Like BRCA1 and BRCA2, STK11 germline mutations may cause ovarian tumors (114).
PTEN: The PTEN tumor suppressor gene, located on 10q23.3, encodes a
dual-specificity phosphatase that can dephosphorylate both protein and phospholipid substrates. Many studies showed the association of this gene with diverse phenotypic features affecting multiple cancers such as breast cancer. Indeed, breast cancer risk estimates (67–85 %) for women with germline PTEN mutations are similar to those quoted for patients with germline mutations in the BRCA1/2 genes. Germline mutations in PTEN are also associated with colorectal cancer and the cowden syndrome, another
autosomal dominant cancer syndrome associated with hereditary forms of breast cancer (115). Variants in the promoter region and within the transcription start site (TSS) of
PTEN have been found to be associated with these breast and colorectal cancers. However,
a study undertaken by Francine Durocher’s group showed that PTEN germline mutations are rare and are unlikely to account for a significant proportion of familial breast cancer cases in the French-Canadian population (116).
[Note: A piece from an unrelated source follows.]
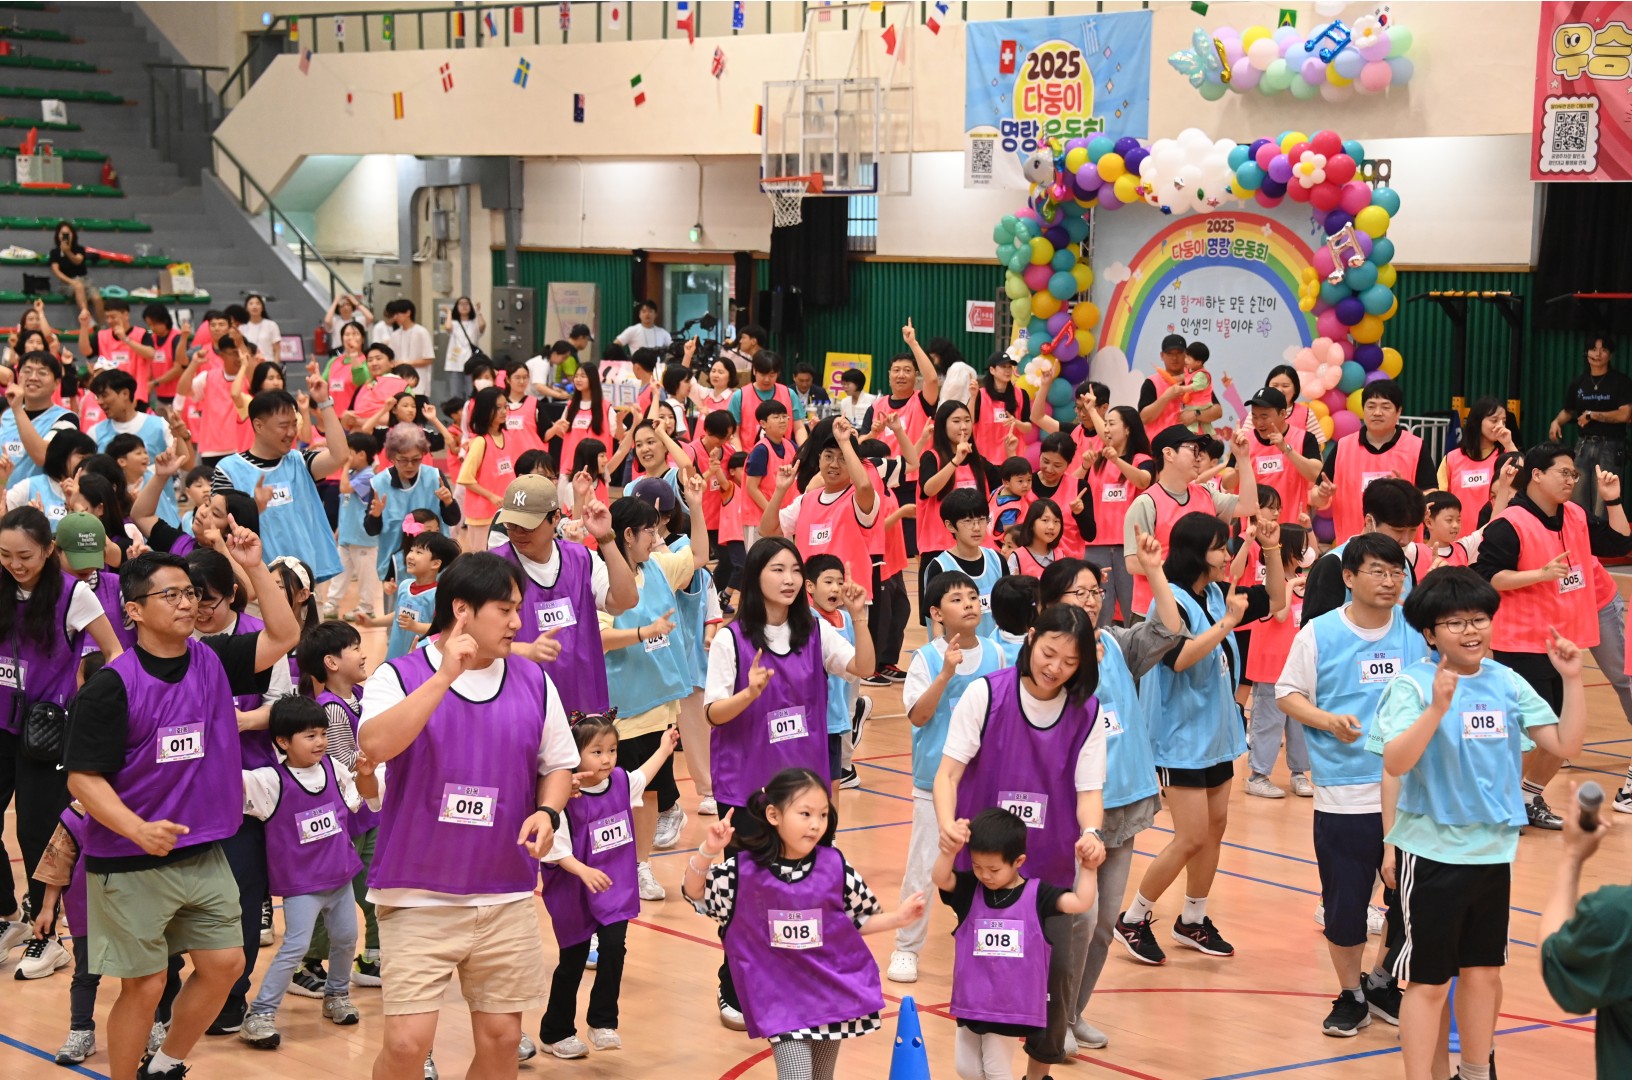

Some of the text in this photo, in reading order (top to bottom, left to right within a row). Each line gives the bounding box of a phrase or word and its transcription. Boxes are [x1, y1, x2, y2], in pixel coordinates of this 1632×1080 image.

TP53: The p53 protein is expressed at low levels in virtually all normal cells.
Wild-type p53 functions as a suppressor of neoplastic growth, and mutation or deletion of both normal alleles of the gene eliminates this suppression (117). The protein product of the
TP53 gene has an important biological function as a cell cycle checkpoint. To date, the TP53 gene is the most commonly altered gene identified in human tumors. In 1990, Li et
al. identified germline TP53 mutations at the 17q13.1 locus in a series of families with LFS (118). This study features diverse childhood cancers as well as early onset breast cancer cases (119-120). The absolute risk of breast cancer in a TP53 mutation carrier reaches ~50% by the age of 50 (121).
2.3.2.1 Moderate penetrance:
Another group of genetic variants associated with breast cancer risk are uncommon variants with a minor allele frequency (MAF) from 0.005 to 0.01 and moderate effects on risk. In fact, their contribution to FRR is estimated at less than 5% (Table 2). These variants have been identified in candidate gene by family-based association studies.
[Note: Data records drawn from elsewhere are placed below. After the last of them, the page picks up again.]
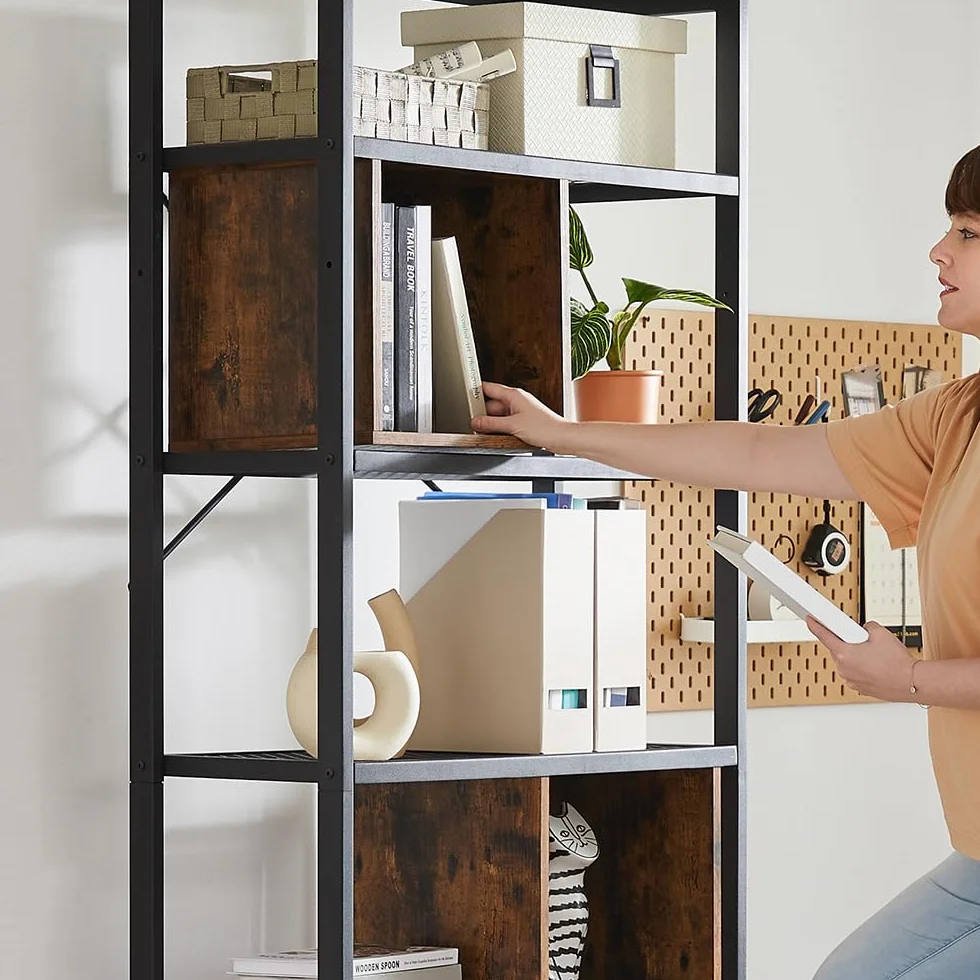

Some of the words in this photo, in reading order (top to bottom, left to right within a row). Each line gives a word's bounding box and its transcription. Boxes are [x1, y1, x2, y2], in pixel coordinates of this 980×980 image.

[382, 221, 391, 250] BUILDING
[407, 227, 415, 262] TRAVEL
[382, 256, 391, 278] BRAND
[407, 264, 415, 292] BOOK
[420, 290, 428, 351] KINFOLK
[355, 963, 380, 973] WOODEN
[381, 960, 400, 970] SPOON
They include protein-truncating variants in CHEK2, (122, 123), PALB2 (124),
BRIP1 (125), and ATM (126). Other candidate breast cancer genes have been proposed,
such as MRE11 that encodes a component of the MRE11-RAD50-NBS1 complex, which is critical for the maintenance of genomic integrity and for tumor suppression (127).
Recently, Park et al. identified RINT1 as a new moderate-penetrance breast cancer-associated gene (128). It is remarkable that almost all genes belonging to this category are involved in DNA repair pathway. Since few genes have been studied using a mechanism- or function-based gene candidate approach, it is likely that additional susceptibility variants of this class exist. However, re-sequencing and whole-exome studies of large numbers of cases and controls will be required to uncover such novel markers.
Figure 5. Variants of uncertain significance diagrams of human BRCA1 and BRCA2 genes with the location and frequency of all missense variants in these two genes ad listed in the Breast Cancer Information Core database.
This figure shows the small number of variants that have been definitively classified as either pathogenic (in red) or neutral (in blue). The diagram clearly shows that the majority of these missense mutations are of uncertain significance (shown in black). (Adapted from: Couch FJ et al. Hum Mutat. 2008).